Vigilância reforçada contra doenças da vazante em Manaus

Com a descida das águas do rio Negro, a Secretaria Municipal de Saúde (Semsa) vem redobrando os cuidados com a saúde da população que foi atingida pela cheia.

Neste período de vazante, aumenta o risco da contração doenças causadas por vírus, bactérias e parasitas presentes na água contaminada juntamente com o lixo e a sujeira trazidas pelas águas que se acumulam no solo e ficam em contato com as pessoas.

As doenças mais suscetíveis a serem contraídas na vazante, informou o secretário municipal de Saúde, Evandro Melo, são hepatites A e E, leptospirose, febre tifóide, verminoses, gastrenterites, dermatites (doenças de pele), conjuntivites e doenças diarreicas. ” Além dessas doenças, as pessoas ficam mais expostas a acidentes com animais peçonhentos (serpentes, aranhas e escorpião)”, disse.

Segundo a diretora do Departamento de Vigilância Ambiental e Epidemiológica (Dveam), enfermeira Angélica Tavares, o risco de transmissão de doenças se eleva no período da vazante por vários motivos, entre eles, a alta concentração na água de agentes infecciosos e coliformes fecais o que favorece o surgimento de infecção a partir do contato.

A equipe da Semsa, formada por profissionais da Estratégia Saúde da Família, vem realizando um trabalho de prevenção de doenças com ações educativas e de promoção à saúde, especificamente, nas zonas Sul (Raiz, Presidente Vargas, São Geraldo, Betânia e Educandos) e Oeste (São Jorge, Glória, Santo Antonio e São Raimundo) nas Unidades Básicas de Saúde (UBS), comunidades, feiras livres e áreas portuárias, além da distribuição de hipoclorito de sódio para a purificação caseira da água para consumo humano (pingar duas gotas de água sanitária para cada litro de água) e de soro para hidratação oral. Além disso, os agentes comunitários de saúde também orientam sobre os cuidados com o manuseio do lixo e a limpeza da casa e do quintal.

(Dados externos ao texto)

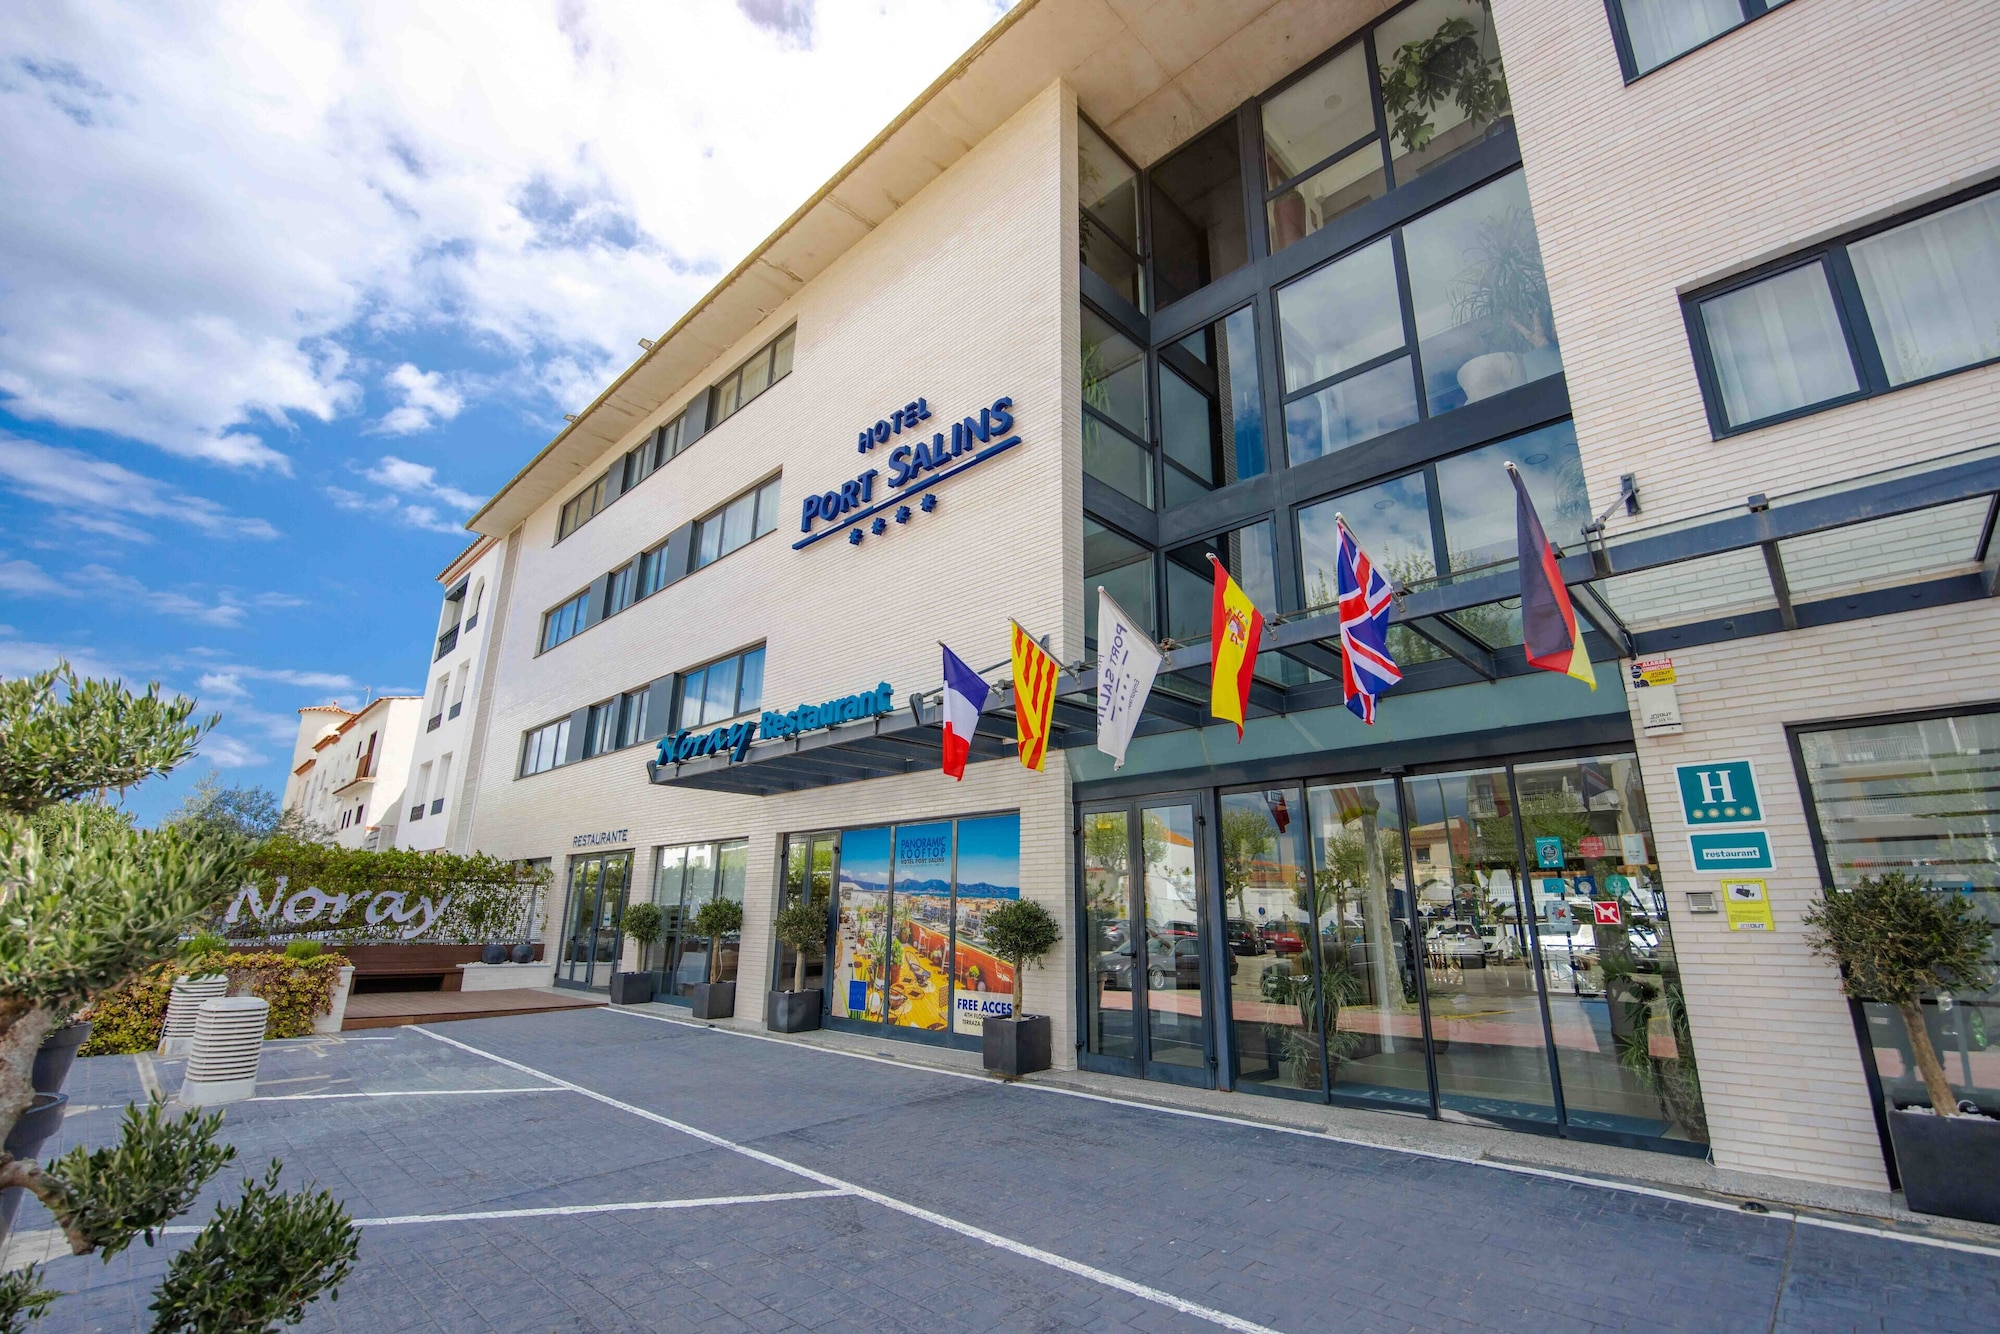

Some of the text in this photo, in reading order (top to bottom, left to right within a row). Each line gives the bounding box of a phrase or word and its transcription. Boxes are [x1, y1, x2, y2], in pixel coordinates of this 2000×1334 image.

A enfermeira Angélica Tavares explica que as doenças da vazante são as mesmas que circulam no período de cheia, as chamadas doenças de veiculação hídrica. No período de janeiro a julho deste ano, ocorreram em Manaus 26.363 casos notificados de doença diarréica aguda. Desse total, o maior número de casos ocorreu no Alvorada (zona Oeste) com um total de 2.036 casos (7,73%), em segundo lugar, o bairro da Cidade Nova (zona Norte) com 1.959 casos (7,43%), seguido de perto pelo bairro da Redenção (zona Oeste) com 1.930 (7,32%). Os casos dessa doença tiveram mais prevalência em janeiro com 5.529 casos, em segundo lugar, o mês de março com 3.898 casos, e em seguida o mês de abril com 3.882 casos de doença diarréica aguda notificados.

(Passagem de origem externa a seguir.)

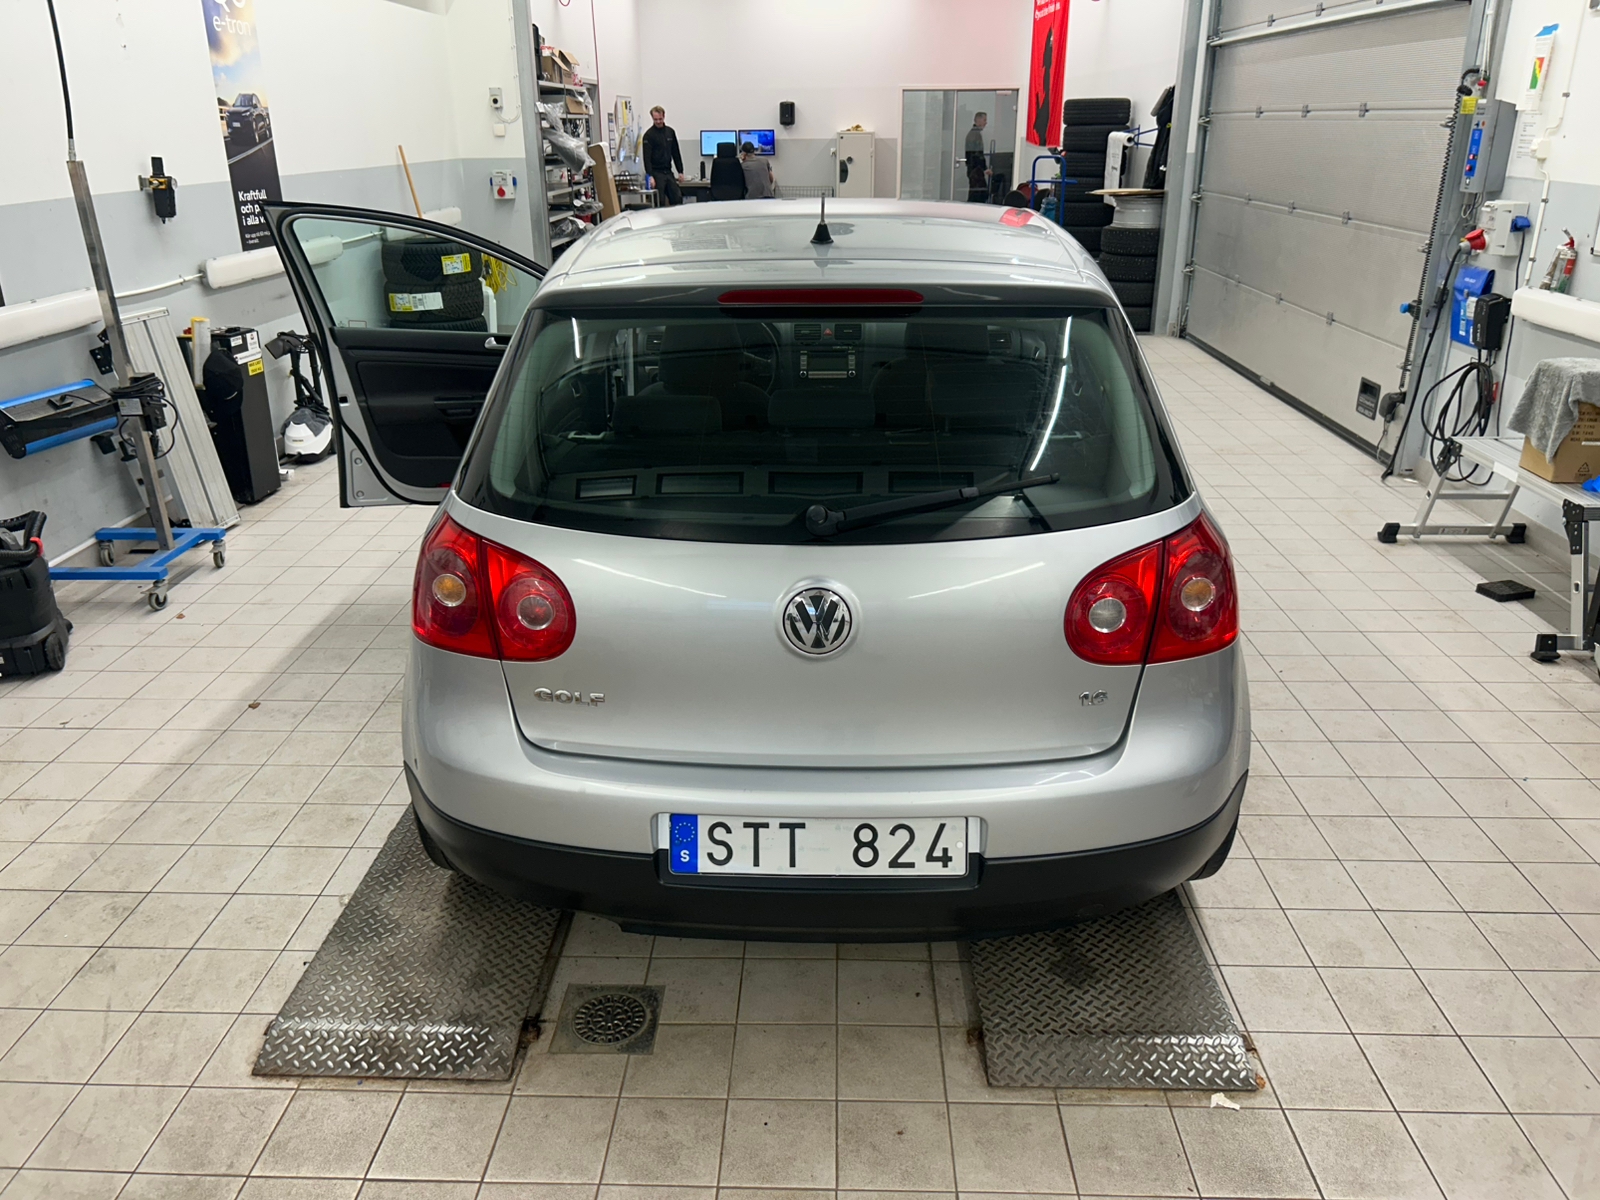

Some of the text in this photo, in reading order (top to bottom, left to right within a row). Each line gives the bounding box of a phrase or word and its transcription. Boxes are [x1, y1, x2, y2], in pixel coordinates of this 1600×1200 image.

[212, 15, 252, 36] e-tron
[238, 189, 267, 201] Kraftfull
[240, 203, 253, 214] och
[242, 215, 246, 226] i
[246, 214, 259, 225] alla
[533, 686, 606, 707] GOLF
[706, 821, 953, 869] STT 824
[680, 849, 690, 863] S
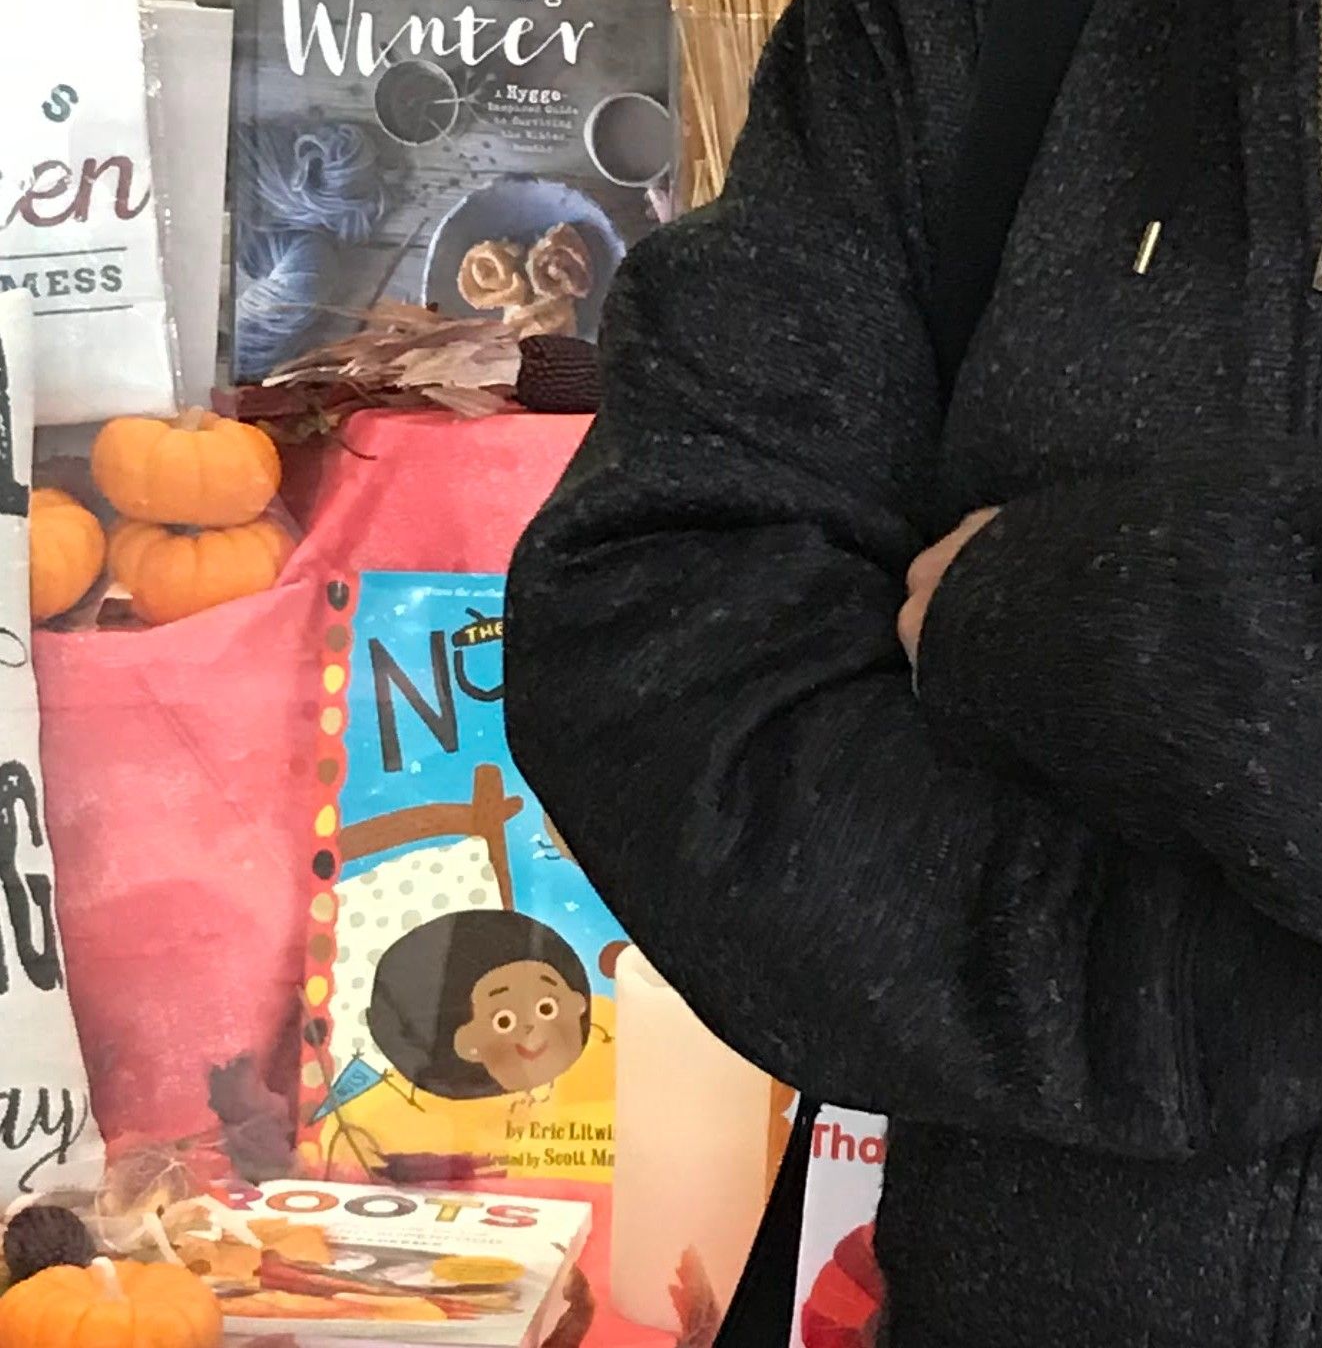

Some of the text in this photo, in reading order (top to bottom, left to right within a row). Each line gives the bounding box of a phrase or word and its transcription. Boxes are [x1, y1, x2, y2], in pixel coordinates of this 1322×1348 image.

[505, 1120, 614, 1142] by Eric Litwi
[544, 1148, 586, 1167] Scott
[206, 1185, 540, 1228] ROOTS

Outra doença que teve um grande número de casos notificados, no período de janeiro a julho de 2013, foi a hepatite A com 135 notificações, sendo o mês de março o mês com o maior número de casos registrados (28), seguido do mês de abril com 26 casos. O bairro onde ocorreu maior número de casos foi a Cidade Nova (zona Norte) com 25 casos (18,5%), em segundo lugar aparece o bairro Jorge Teixeira (zona Leste) com 12 casos (8,9%), seguido da Compensa (zona Oeste) com 6 casos (4,5%).